◆ **To do**
Lines from the line with "this 2000×1125 image." to the line with "Some of the text" in the entries below, and only those, must be output exactly, with both ends included.

────────────────────────────────────────

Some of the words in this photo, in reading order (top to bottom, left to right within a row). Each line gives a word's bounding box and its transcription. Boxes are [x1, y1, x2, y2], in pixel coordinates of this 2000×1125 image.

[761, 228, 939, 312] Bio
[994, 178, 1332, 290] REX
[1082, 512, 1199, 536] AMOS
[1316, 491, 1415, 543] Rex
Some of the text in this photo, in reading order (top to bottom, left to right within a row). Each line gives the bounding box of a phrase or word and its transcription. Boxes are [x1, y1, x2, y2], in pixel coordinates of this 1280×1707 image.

────────────────────────────────────────

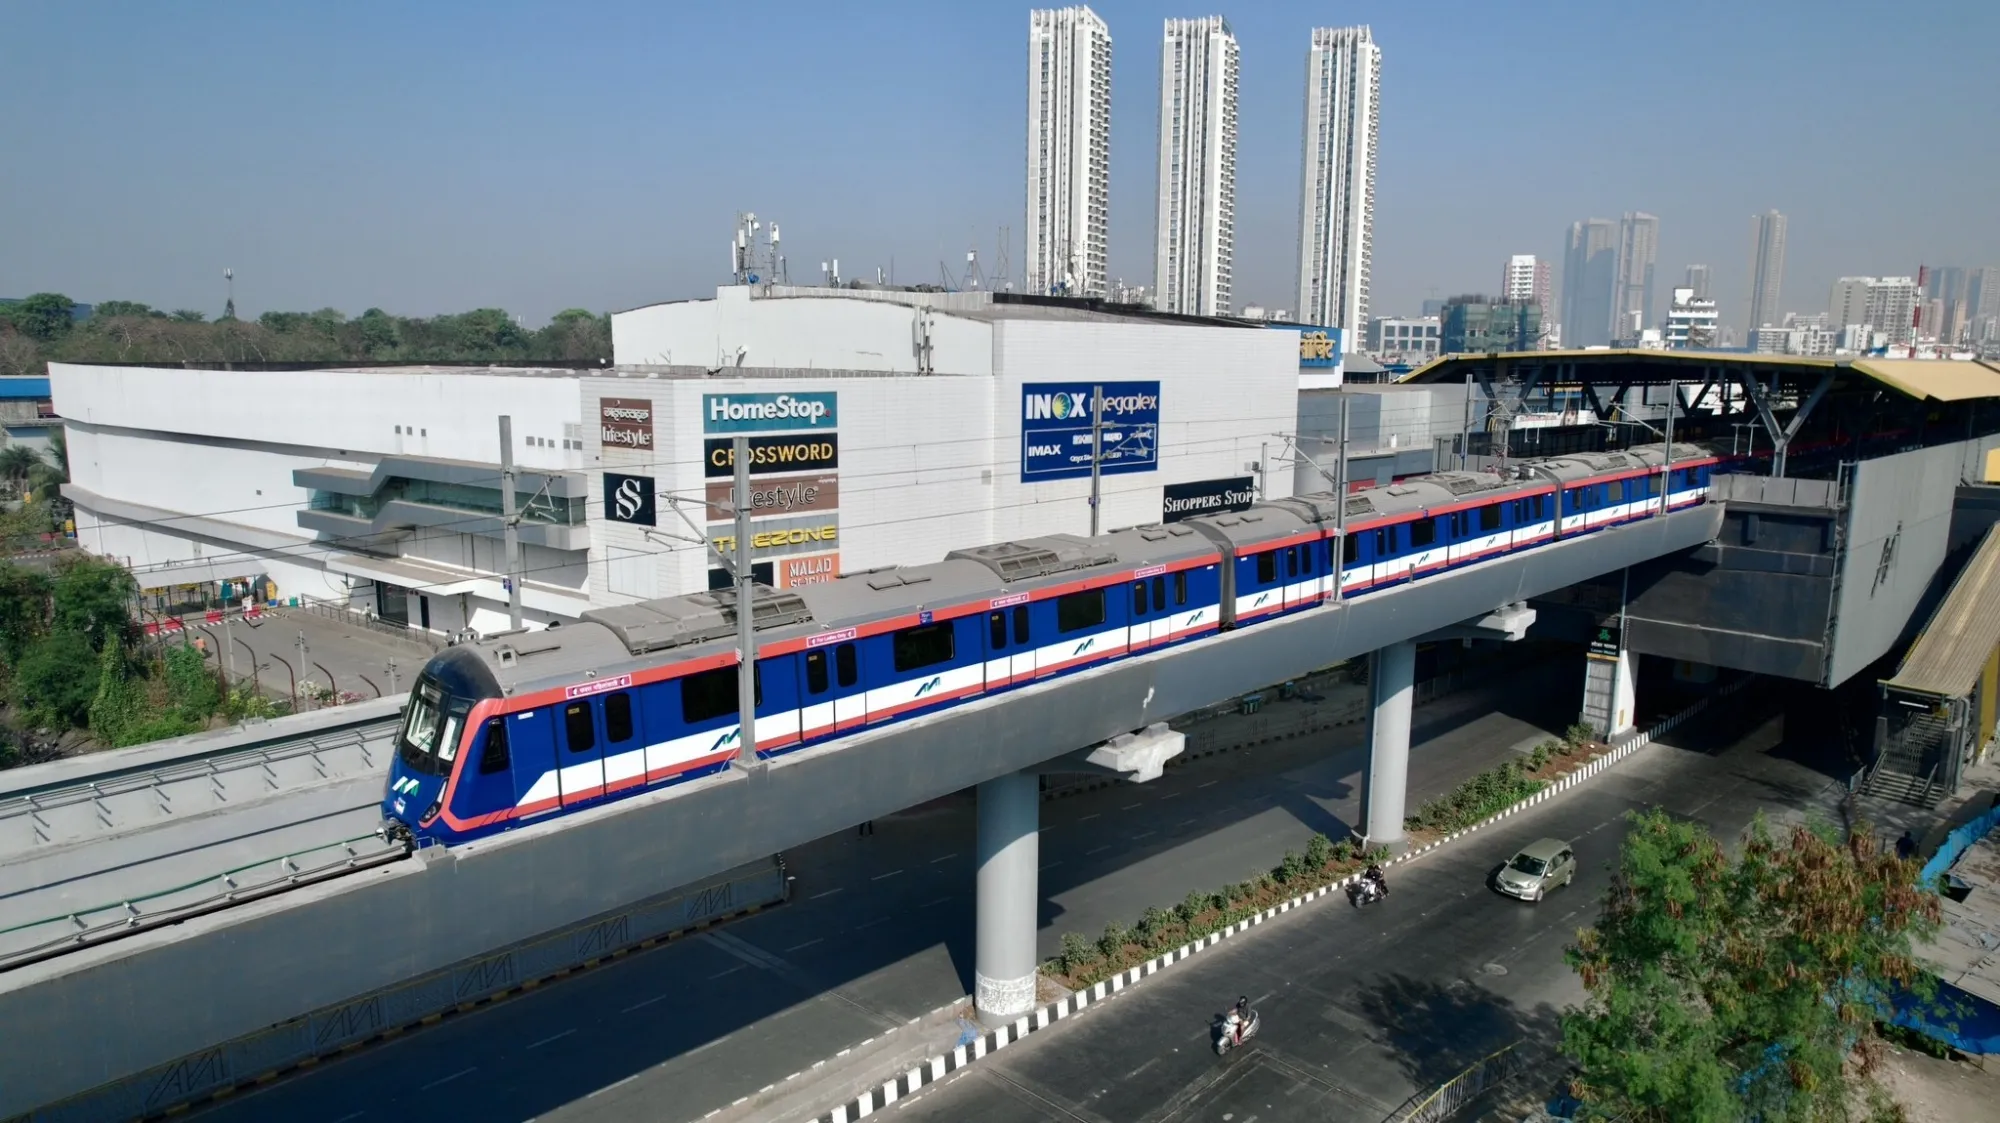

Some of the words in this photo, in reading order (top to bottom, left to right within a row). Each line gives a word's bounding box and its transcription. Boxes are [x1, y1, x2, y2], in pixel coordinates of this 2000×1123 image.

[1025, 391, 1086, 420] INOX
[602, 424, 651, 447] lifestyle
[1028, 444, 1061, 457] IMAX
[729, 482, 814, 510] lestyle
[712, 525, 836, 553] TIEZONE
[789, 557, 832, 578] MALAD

────────────────────────────────────────

◆ **Solution for this problem**
Some of the words in this photo, in reading order (top to bottom, left to right within a row). Each line gives a word's bounding box and its transcription. Boxes are [x1, y1, x2, y2], in pixel coordinates of this 2000×1125 image.

[761, 228, 939, 312] Bio
[994, 178, 1332, 290] REX
[1082, 512, 1199, 536] AMOS
[1316, 491, 1415, 543] Rex
Some of the text in this photo, in reading order (top to bottom, left to right within a row). Each line gives the bounding box of a phrase or word and its transcription. Boxes are [x1, y1, x2, y2], in pixel coordinates of this 1280×1707 image.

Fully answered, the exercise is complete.